To get ahead of these pitfalls, some companies are using recruiting technology platforms to filter out duds early in the process. While the platforms are indeed powerful and have the potential to add data and structure to a process that has historically been very subjective and disorganized, this is another great example of the “land of shiny objects,” where the ability to do cool things has outpaced the strategic thinking of why things should be done. In this case, we find a budding industry that has built powerful tools to help companies design interviewing and recruiting experiences that work for their needs. However, I was curious as to what impact this is having on the Employer Brand from the perspective of the candidates, and if employers are going to get burned. I spoke to a friend who came across this experience during her job search, and she had some interesting insights to share.

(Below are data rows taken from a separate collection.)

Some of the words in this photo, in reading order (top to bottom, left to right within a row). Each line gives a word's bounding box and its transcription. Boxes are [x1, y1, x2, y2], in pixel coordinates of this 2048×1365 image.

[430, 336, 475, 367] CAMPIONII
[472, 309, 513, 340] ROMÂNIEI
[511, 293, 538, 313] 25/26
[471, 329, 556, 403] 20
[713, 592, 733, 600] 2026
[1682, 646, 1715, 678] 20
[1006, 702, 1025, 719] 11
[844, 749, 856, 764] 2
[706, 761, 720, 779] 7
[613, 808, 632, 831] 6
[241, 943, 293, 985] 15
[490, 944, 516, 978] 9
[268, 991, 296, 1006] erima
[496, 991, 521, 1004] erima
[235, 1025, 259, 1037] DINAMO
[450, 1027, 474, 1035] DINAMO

A Candidate’s Experience With Recruiting Tech

Her first assumption, when informed about a video interview, was that it would be over Skype. Her first shock was learning that there would not be another person on the other end; but rather a technology platform, which would ask the questions. “It took me a while to understand that my first interviewer would not be a human. This was unfamiliar territory.” After she realized that she would be talking to a technology platform, her next reaction was a flood of questions, mixed with anxiety.

  • “What questions will it ask?”
  • “How much time will I have to answer questions?”
  • “What if I don’t like my response; can I have a do-over?”
  • “Will the employer be tracking how many do-overs, pauses and breaks I take?”
  • “Will the technology be analyzing facial expressions, ticks, as part of my answer?”

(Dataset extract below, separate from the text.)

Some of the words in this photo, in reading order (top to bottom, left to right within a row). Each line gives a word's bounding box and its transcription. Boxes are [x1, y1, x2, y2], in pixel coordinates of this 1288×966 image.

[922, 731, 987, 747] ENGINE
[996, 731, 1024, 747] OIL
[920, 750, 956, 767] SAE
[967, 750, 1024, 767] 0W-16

While the technology provider did its best to answer her concerns and was very supportive, there were some anxieties they could not address — such as the underlying reasons why the employer would put various time limits on questions, or if they would track the number of retakes and how that information would be evaluated.

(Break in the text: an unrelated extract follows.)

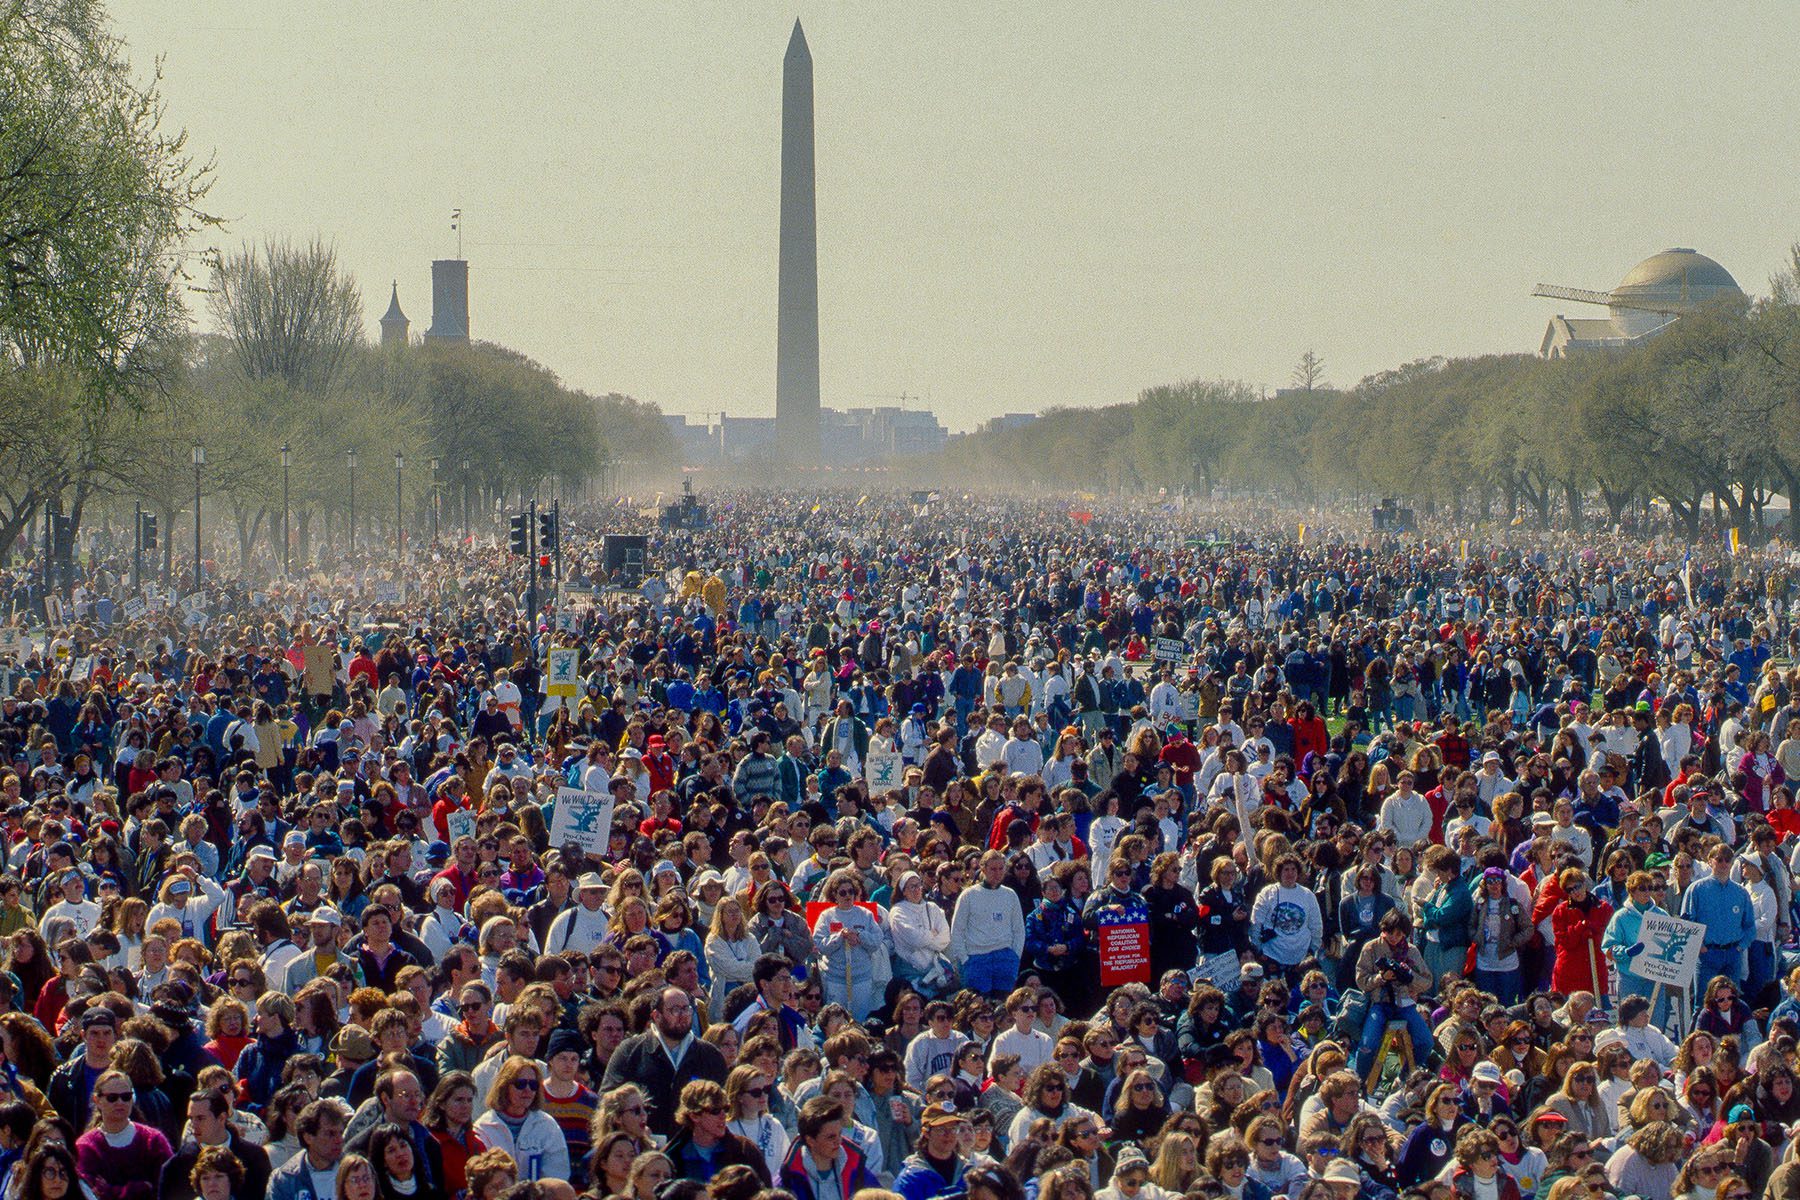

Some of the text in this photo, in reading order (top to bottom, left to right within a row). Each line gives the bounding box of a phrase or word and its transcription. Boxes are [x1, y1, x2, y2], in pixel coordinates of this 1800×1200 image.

During the interview, she spent hours in a locked room judging her responses and deciding if she should do a re-take or move on. “Being a perfectionist, this was not an easy process. On top of that, the unknowns were frustrating.”

She was eventually called in for an in-person interview and discovered an employer only trying to filter out non-serious candidates before investing time and energy on the next stage. Luckily for the employer, my friend was already familiar with the company, and so her negative experience was tempered by other information. Nevertheless, the experience did not reflect well on the employer.

My Take on Recruiting Tech

Despite my friend’s account, I found clear advantages to using recruiting technology platforms and, as a data-driven business consultant, I would encourage their use. However, I would also strongly suggest that employers think about the Employer Brand and plan more carefully before deploying recruiting technology.

I often talk and write about the explosion of marketing technology and how it can lead companies to focus on tactical wins while ignoring or hurting long-term consumer brand development. I would also apply the same caution to recruiting technologies, because I believe many companies are going to hurt their Employer Brand as they become enamored with new capabilities.

The right solution should begin with a vision of the Employer Brand you are trying to build and answer some important questions, such as:

  • When building the Employer Brand using technology, what will you measure and why?
  • What are the anxieties that might be created by injecting technology into the employer-employee relationship?
  • What are the trade-offs (short-term and long-term)?

While automation may be shrinking the workforce in the next decade or two (maybe not), most expectations are that the need for creative talent will increase. This means that your Employer Brand is likely to be a critical component of how companies will recruit the best creative talent. Getting lost in the land of shiny objects is not something competitive companies will be able to afford.